Learning About Wildlife
We’ve subscribed
to the Nat Geo Kids magazine for our
daughter, a magazine mostly about wildlife, customized for kids. These are the
two most common kinds of info from the magazine that appeal and/or amuse her:
1)
Gross is king: Like the time she learnt that the urine
of the leopard gecko, a lizard like reptile, comes out as tiny crystals. She
piled on, “I guess that when they need to find crystals for jewelry, they
collected the urine of this animal”. This was followed by uproarious laughter…
2)
Chance to quiz and show off: One time she saw this pic of an animal
next to which it said, “It has donkey ears, a kangaroo tail, and a piggy nose”.
It was an aardvark.

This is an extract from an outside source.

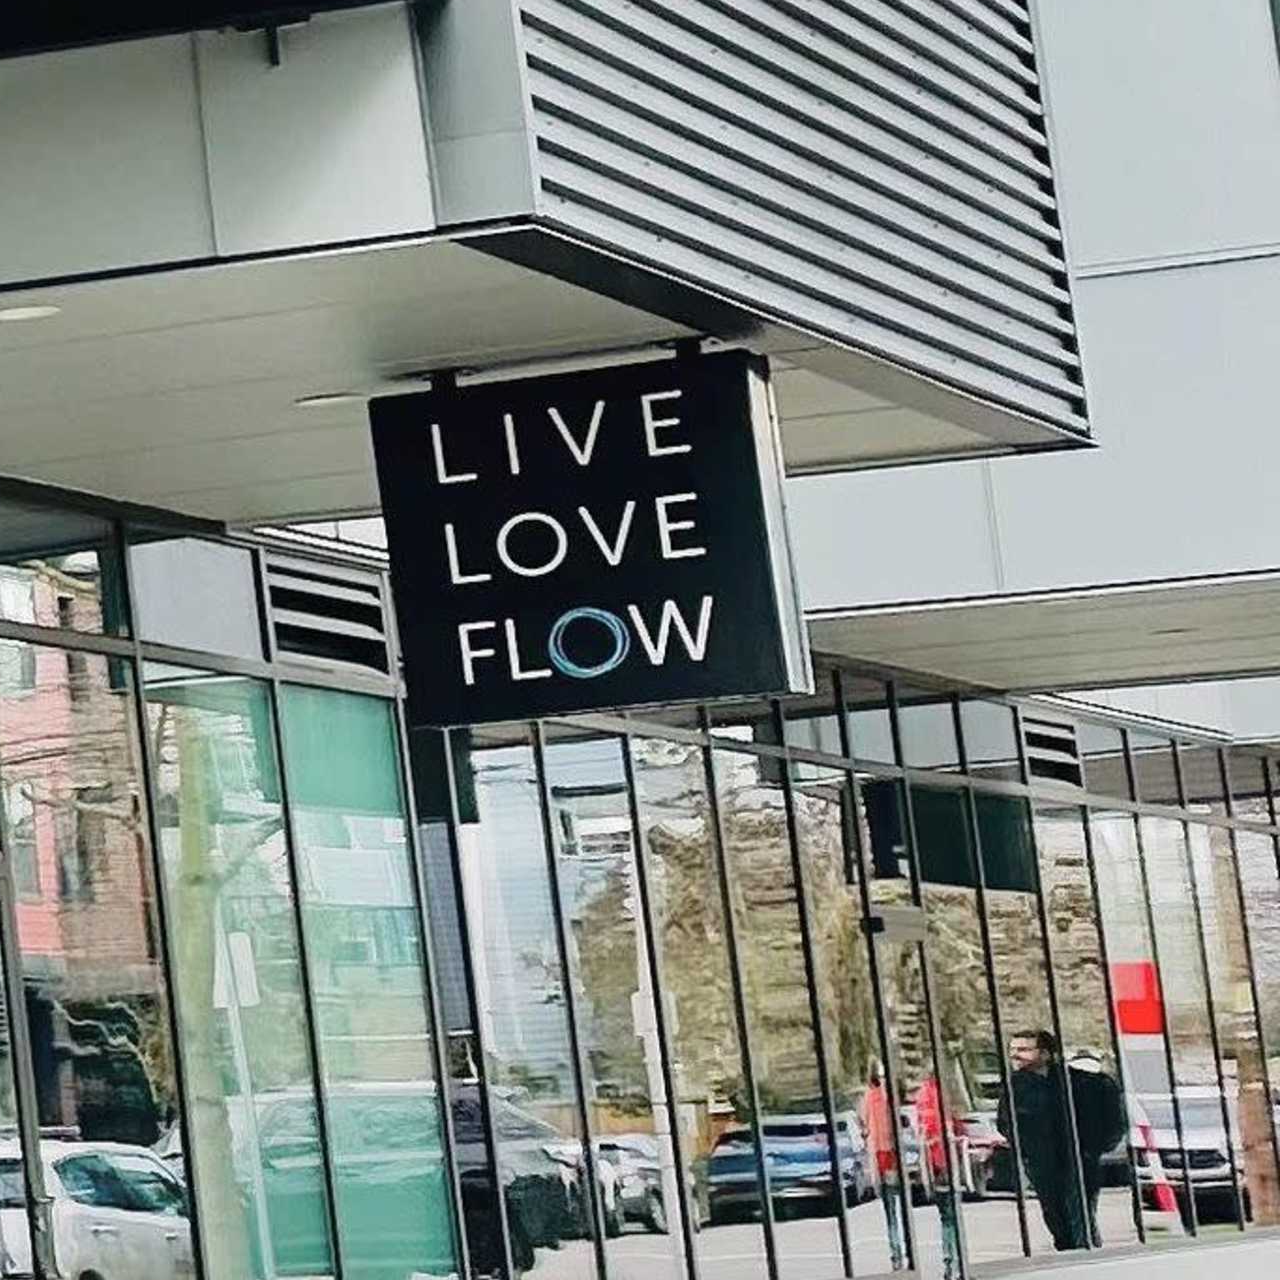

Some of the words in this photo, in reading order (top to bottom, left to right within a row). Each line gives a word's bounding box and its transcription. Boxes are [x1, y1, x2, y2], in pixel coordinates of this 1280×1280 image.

I translated the last part of the animal’s description
(“distant relation of…”) into terms she gets: “With which animal does it share
the maximum number of instructions (DNA)?”. The surprising answer? The
elephant!! Off she went in a flash, to ask her mom the same two questions…
Hearing
about how bird regurgitate food to feed their young ones, she asked why the bird couldn’t just put
it on the ground and mash it. Why mix her saliva in it, she demanded. At least
she doesn’t think we were serving her such food…
Another time, I
read out this advice to young lion cubs from the magazine:
“Meals are a rough-and-tumble affair, so
it’s best to hang back until everyone else is done eating before digging in.

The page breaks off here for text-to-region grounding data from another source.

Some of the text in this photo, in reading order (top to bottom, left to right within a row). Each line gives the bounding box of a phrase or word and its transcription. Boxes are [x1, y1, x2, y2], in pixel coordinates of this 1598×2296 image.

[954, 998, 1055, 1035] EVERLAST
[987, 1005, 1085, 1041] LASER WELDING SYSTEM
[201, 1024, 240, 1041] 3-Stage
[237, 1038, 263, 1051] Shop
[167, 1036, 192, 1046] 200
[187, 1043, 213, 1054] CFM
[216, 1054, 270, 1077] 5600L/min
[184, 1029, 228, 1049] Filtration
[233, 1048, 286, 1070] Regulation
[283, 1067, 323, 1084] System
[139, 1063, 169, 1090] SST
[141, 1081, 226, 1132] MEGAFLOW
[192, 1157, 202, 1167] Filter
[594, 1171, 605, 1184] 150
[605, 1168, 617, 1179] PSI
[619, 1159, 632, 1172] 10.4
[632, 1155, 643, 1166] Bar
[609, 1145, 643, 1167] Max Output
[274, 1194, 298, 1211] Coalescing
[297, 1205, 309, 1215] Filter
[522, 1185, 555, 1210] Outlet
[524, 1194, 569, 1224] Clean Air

Let Dad go first, then Mom – that means you’re last.”
Leftovers are for
kids, I translated pointedly. She wasn’t the least bit worried; in fact, she
was just amused. It reminded me of an earlier flight, where I’d told her that
the instruction to adults is to pull the gas mask to themselves first, and only
after that should they help their kids. Why, she asked. It’s to ensure the
adult stays conscious and can be around to help the kid, I answered. Ok, that
makes sense, she said.
Daddy and Mommy
Lion, the onus is on you guys to give a logical reason to justify your
behavior…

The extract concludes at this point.